Churches in Canada Confront Their Past After The Remains of 215 Children Found

At age six, Brenda Cyr was taken from her family and forced to live at a church-run residential school — part of a 120-year Canadian government effort to assimilate Indigenous children.

In seven years at two such schools, Cyr, now 60, recalls that she was yelled at, beaten and sexually assaulted by a priest.

As an adult, her life spiraled out of control.

“I was into drugs, alcohol. I tried killing myself six times, and I just lived this horrible life,” the Saulteau First Nation tribal member told The Christian Chronicle.

READ: Generations Of Indigenous Children Were Snatched From Families, And Churches Helped

Eventually, Cyr — who attends the Gentle Road Church of Christ in Regina, Saskatchewan — found peace and the willingness to forgive through Jesus.

But the haunting memories linger, for Cyr and many in Canada.

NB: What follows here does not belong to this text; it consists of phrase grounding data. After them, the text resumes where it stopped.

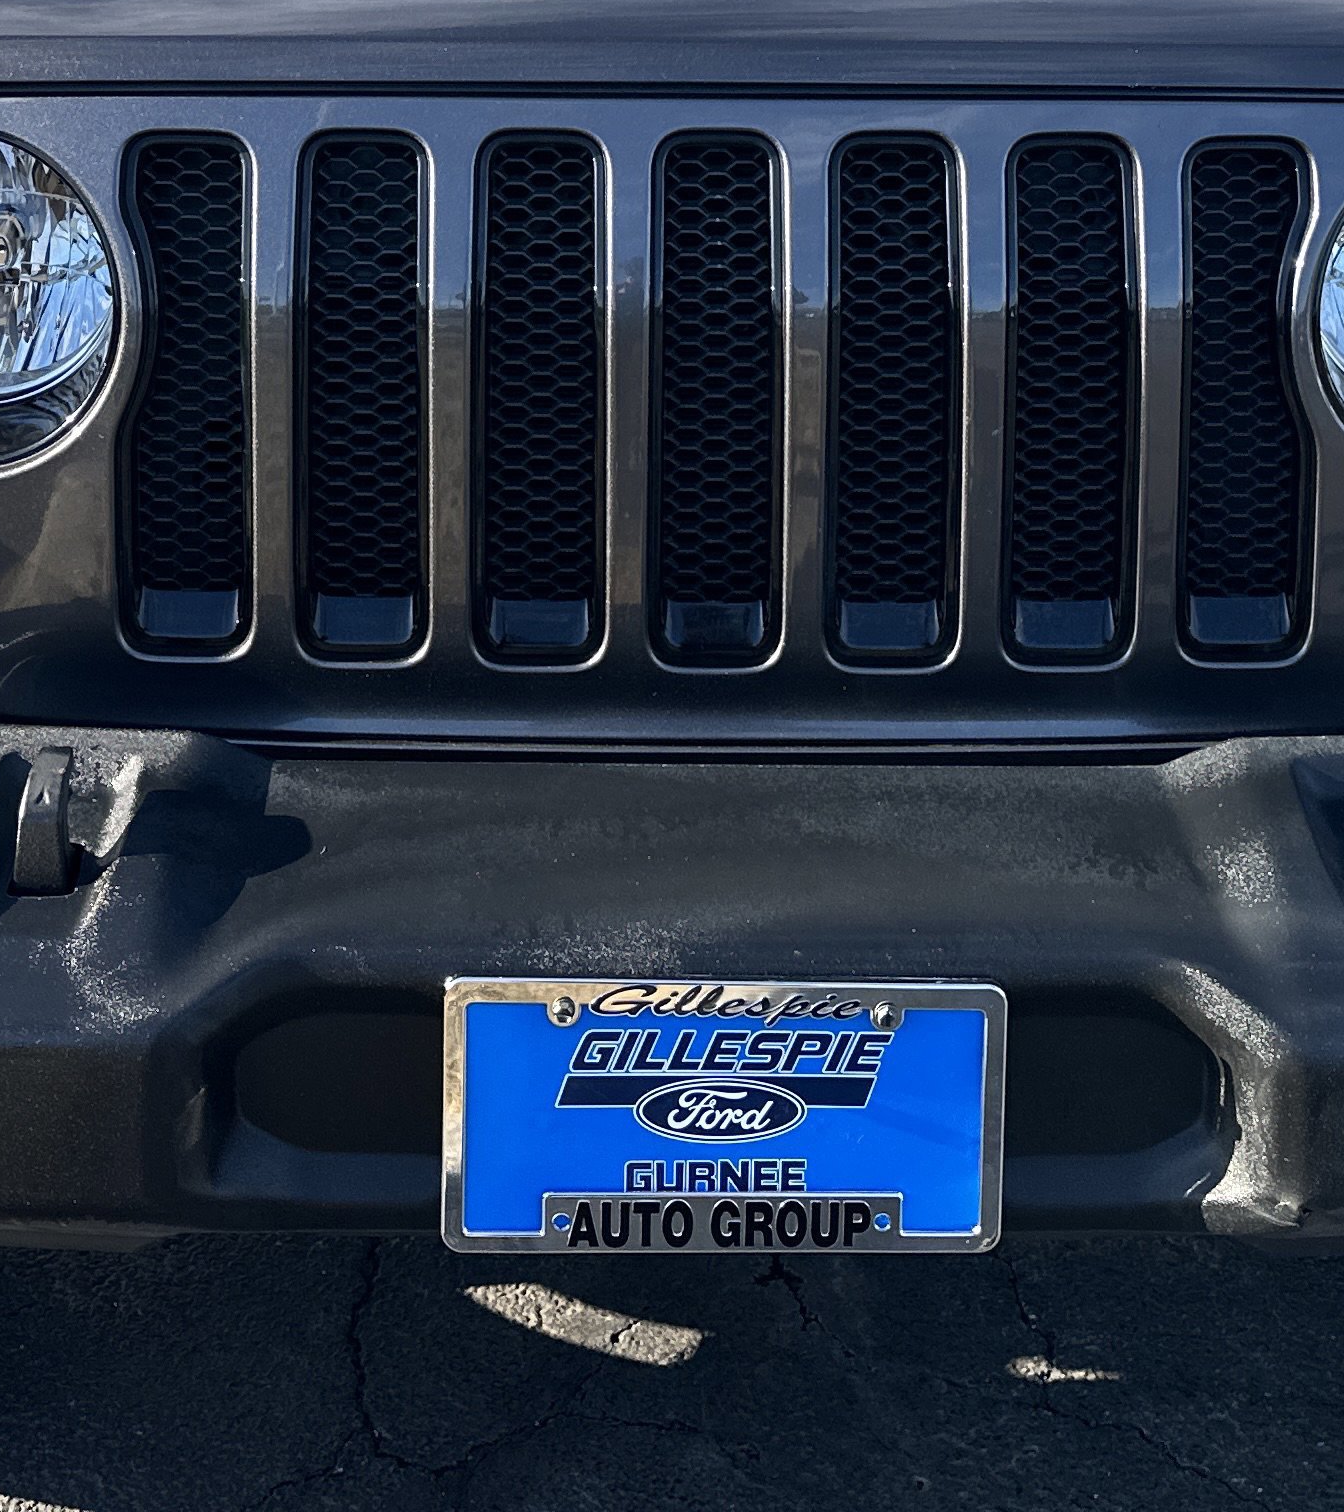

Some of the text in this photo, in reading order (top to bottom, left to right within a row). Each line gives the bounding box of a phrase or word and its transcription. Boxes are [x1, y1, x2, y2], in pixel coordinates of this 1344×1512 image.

[589, 984, 863, 1027] Gillespie
[568, 1028, 895, 1074] GILLESPIE
[667, 1087, 773, 1131] Ford
[623, 1158, 808, 1193] GURNEE
[566, 1198, 873, 1249] AUTO GROUP
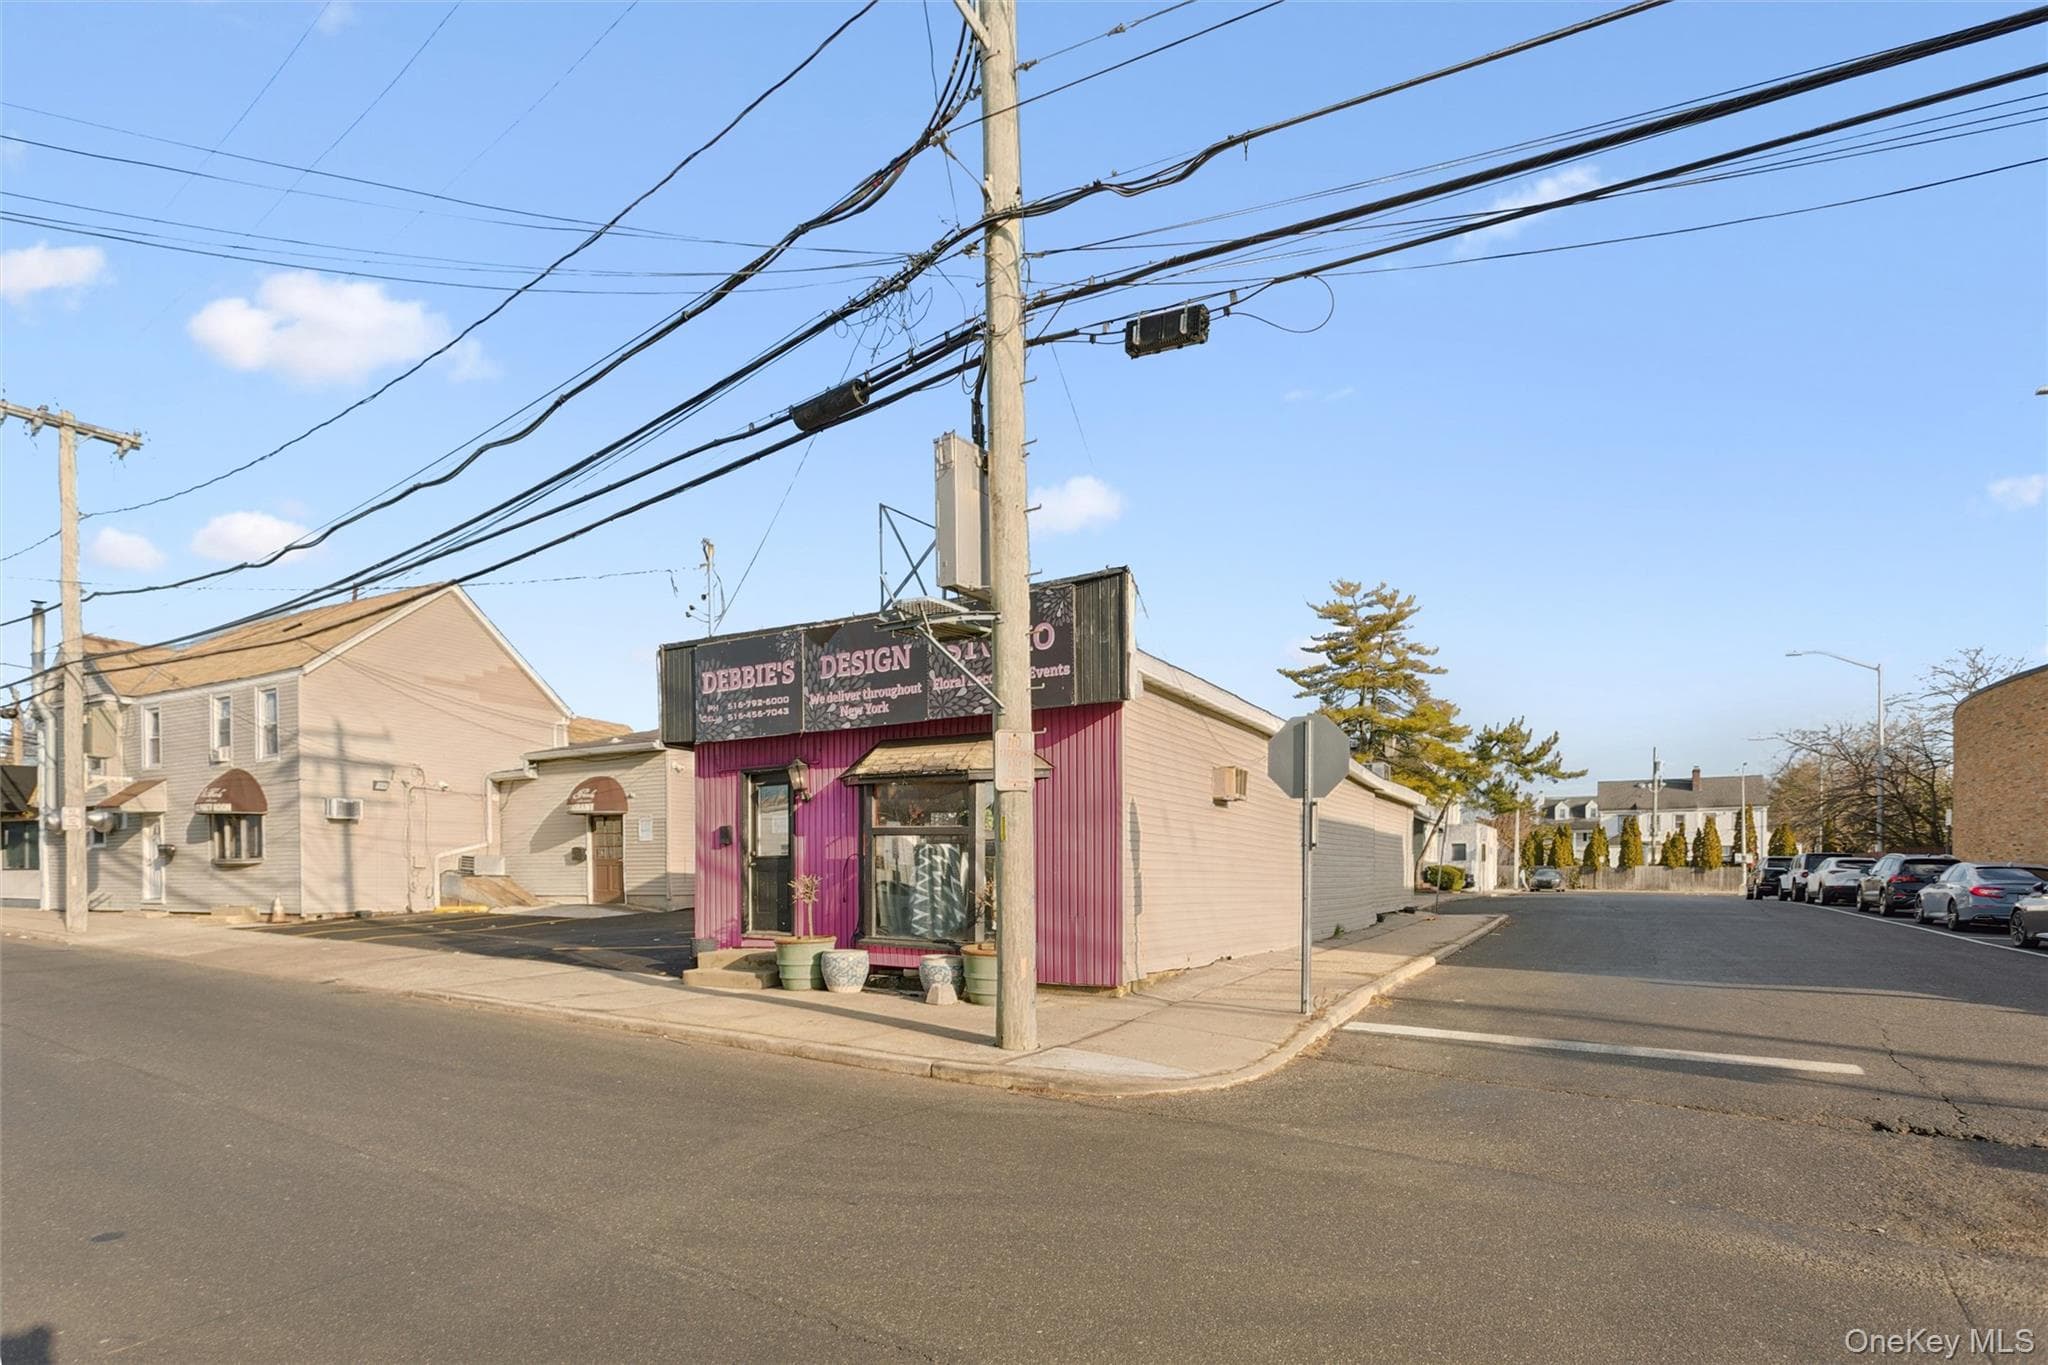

On May 27, the Tk’emlúps te Secwépemc First Nation announced that it had found the remains of 215 children buried near the former Kamloops Indian Residential School in British Columbia. 

More than 250 pairs of shoes were left on the front steps of Parkland Crossing, a ministry in Dauphin, Manitoba, at the site of a former residential school. Photo courtesy of Parkland Crossing.

More than 250 pairs of shoes were left on the front steps of Parkland Crossing, a ministry in Dauphin, Manitoba, at the site of a former residential school. Photo courtesy of Parkland Crossing.

The discovery, confirmed with the help of a ground-penetrating radar specialist, has brought a national reckoning to the United States’ northern neighbor.

“It is a painful reminder of that dark and shameful chapter of our country’s history,” Prime Minister Justin Trudeau said on Twitter.

The recent news has galvanized Canada to revisit that history, Gentle Road minister Kevin Vance said of his home country. He likens the massive response to how the video of George Floyd’s death focused America’s attention on police brutality and racial justice last year.

“This is something that we have to deal with,” said Vance, 56, whose inner-city church, planted in 2010, helps Indigenous families overcome poverty and addiction. “We can’t keep shoving this under the carpet. We have to deal with this.”

‘Great harm was done’

U.S. boarding schools established after the Civil War provided the blueprint for Indigenous family separation in Canada.

From 1876 to 1996, Canada removed 150,000 First Nations, Métis and Inuit children from their homes and forced them to attend residential schools, according to the Truth and Reconciliation Commission of Canada.

The Canadian government’s religious partners included the Anglican Church of Canada, the Presbyterian Church in Canada, the Roman Catholic Church, the United Church of Canada and the Jesuits of English Canada.

“Notwithstanding the good intent and care of many who worked in the schools, it is clear that Indian Residential Schools, in policy and in practice, were an assault on Indigenous families, culture, language and spiritual traditions, and that great harm was done,” those churches said in a 2015 joint statement. “We continue to acknowledge and regret our part in that legacy.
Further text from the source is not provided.